Some existing Ververica Platform users may be wondering whether they can run PyFlink jobs on Ververica Platform while other non-users may think that it is not possible to run their Flink jobs coded in Python on the platform. This tutorial will show you how you can run PyFlink jobs and Python User Defined Functions (UDFs) via a custom Flink Docker image with Python and PyFlink installed.

We will show you two ways to run Python code in your Flink jobs on Ververica Platform: 

  1. run PyFlink jobs directly
  2. call Python UDFs in your Table API programs written in Java 

If you would like to follow along, you can download the full example code from this post here. We will be using Ververica Platform 2.8, Flink 1.15.2, and Python 3.8 in our example. Please change accordingly if you use different versions.

Prerequisites

This tutorial assumes that you have the following:

If you are running Ververica Platform 2.8 or earlier, or Ververica Platform 2.9 with Flink 1.13 or 1.14, you will need:

  • A docker runtime to build Docker images
  • A container registry to push your Docker images to

Create a custom Flink image that includes Python and PyFlink

In order to run PyFlink jobs or call Python UDFs, you first need a Python interpreter and PyFlink. These are included in the Flink 1.15.3 (or later) images that come with Ververica Platform 2.9 (or later). You can skip this section and use the built-in Flink images if you are using these Ververica Platform versions.

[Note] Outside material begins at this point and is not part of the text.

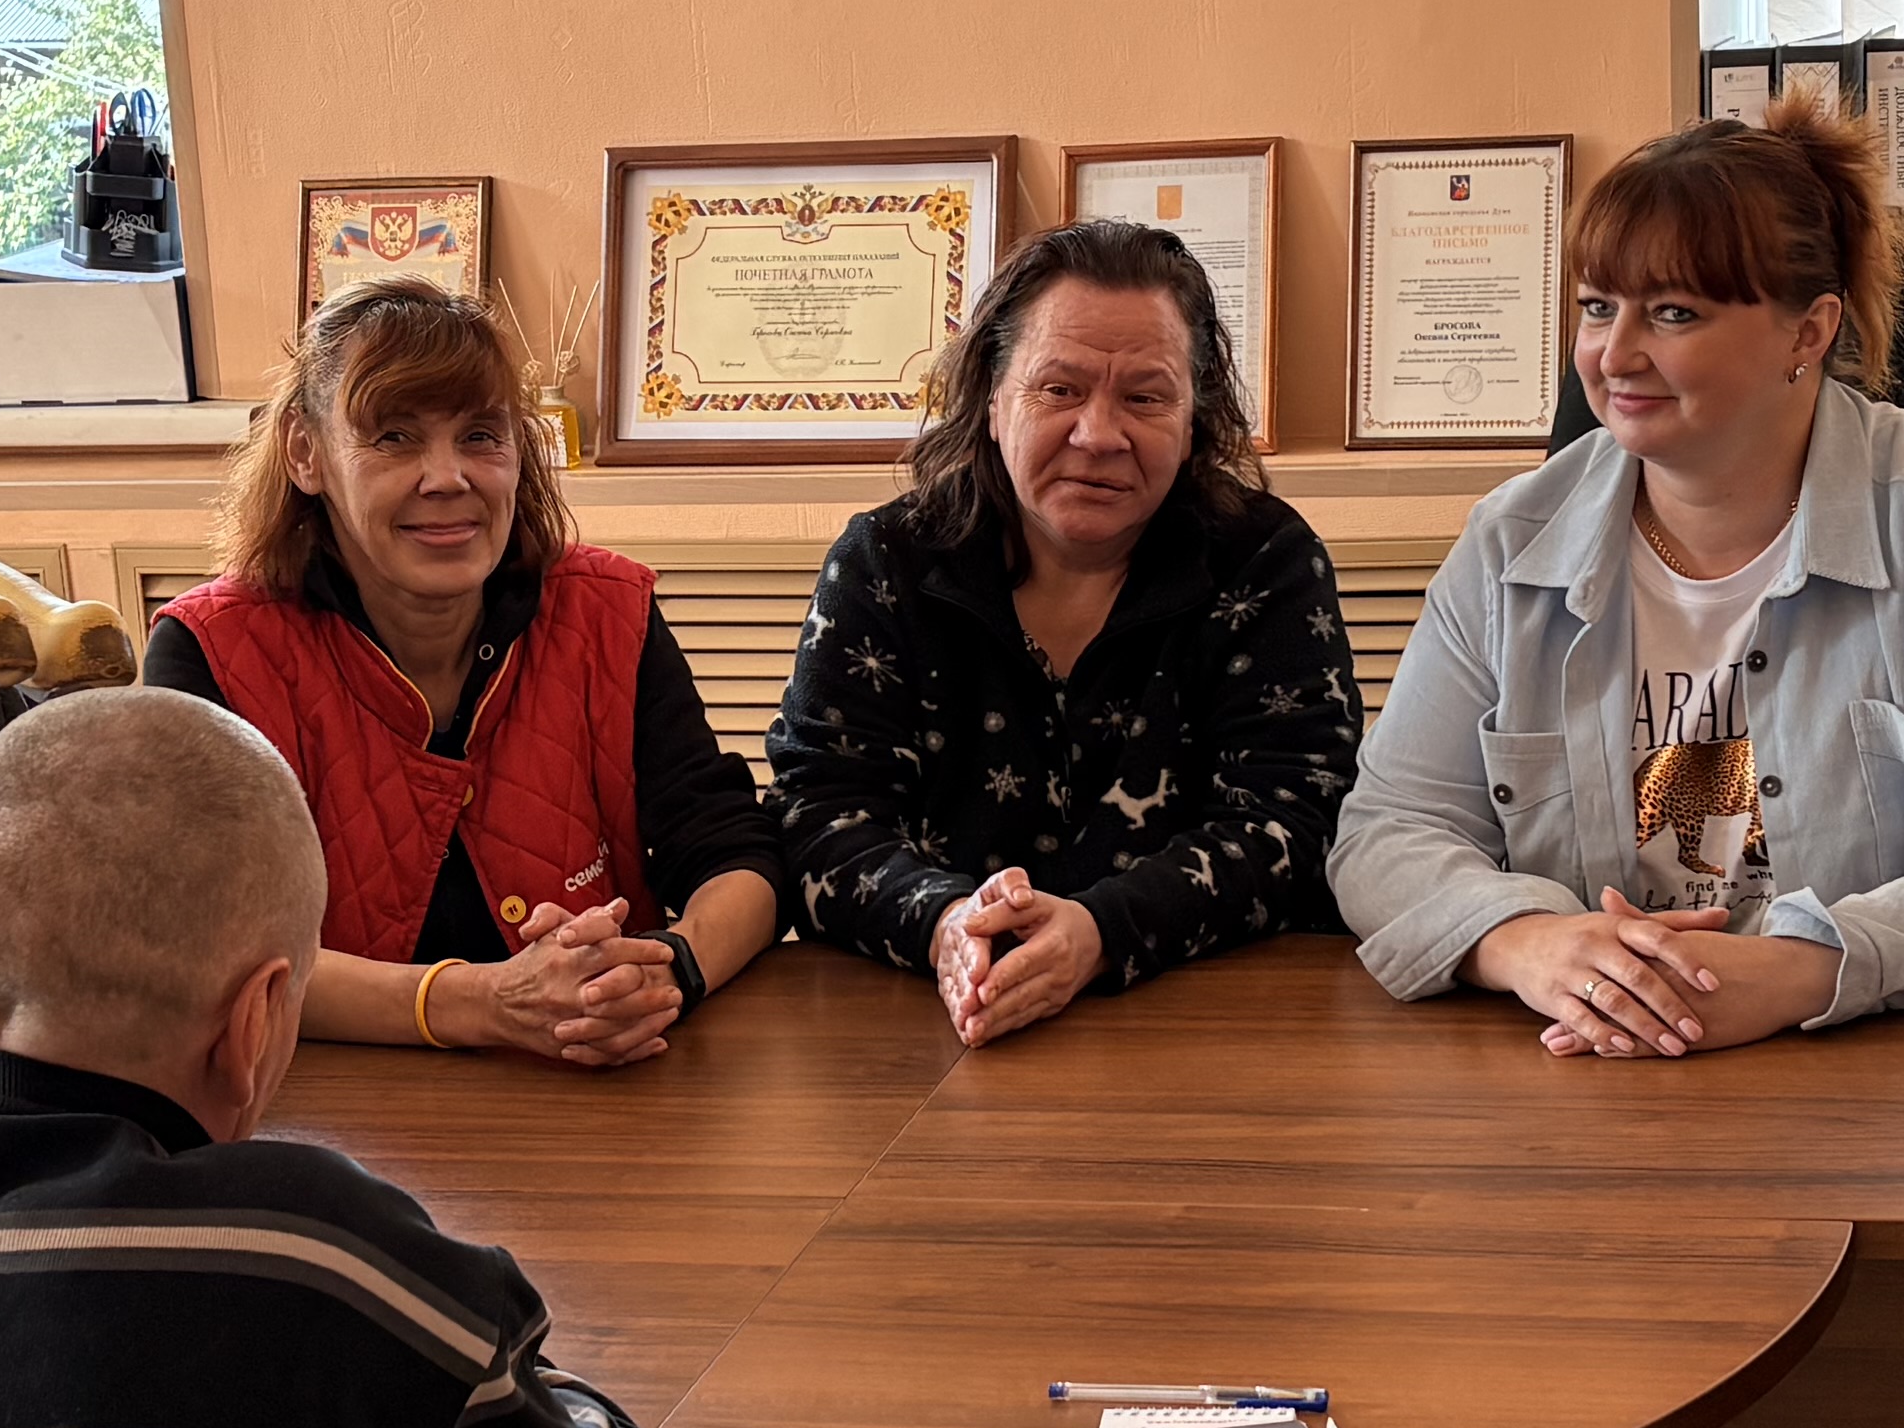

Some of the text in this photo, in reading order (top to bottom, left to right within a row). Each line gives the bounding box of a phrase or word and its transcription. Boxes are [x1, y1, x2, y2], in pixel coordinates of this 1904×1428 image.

If you are using Ververica Platform 2.8 or earlier, or if you are using Flink 1.13/1.14 with Ververica Platform 2.9, follow these steps to build new Flink images that include a Python interpreter and PyFlink.

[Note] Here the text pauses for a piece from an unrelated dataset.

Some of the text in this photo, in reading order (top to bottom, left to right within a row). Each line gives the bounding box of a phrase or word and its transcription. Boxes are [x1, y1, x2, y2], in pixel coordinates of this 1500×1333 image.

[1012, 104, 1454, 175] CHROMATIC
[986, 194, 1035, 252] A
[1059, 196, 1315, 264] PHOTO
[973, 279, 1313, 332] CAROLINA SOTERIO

In your terminal, create an empty directory. In the directory, create a file named Dockerfile with the following content:


FROM registry.ververica.com/v2.8/flink:1.15.2-stream4-scala_2.12-java11
USER root:root

RUN apt update \ 
  && apt -y install python3.8 python3-pip \
  && python3.8 -m pip install apache-flink==1.15.2 \
  && apt clean \
  && ln -s /usr/bin/python3.8 /usr/bin/python \
  && rm -rf /var/lib/apt/lists/*
  
USER flink:flink

This Dockerfile uses a Flink 1.15.2 image (provided by Ververica Platform 2.8) as its base image.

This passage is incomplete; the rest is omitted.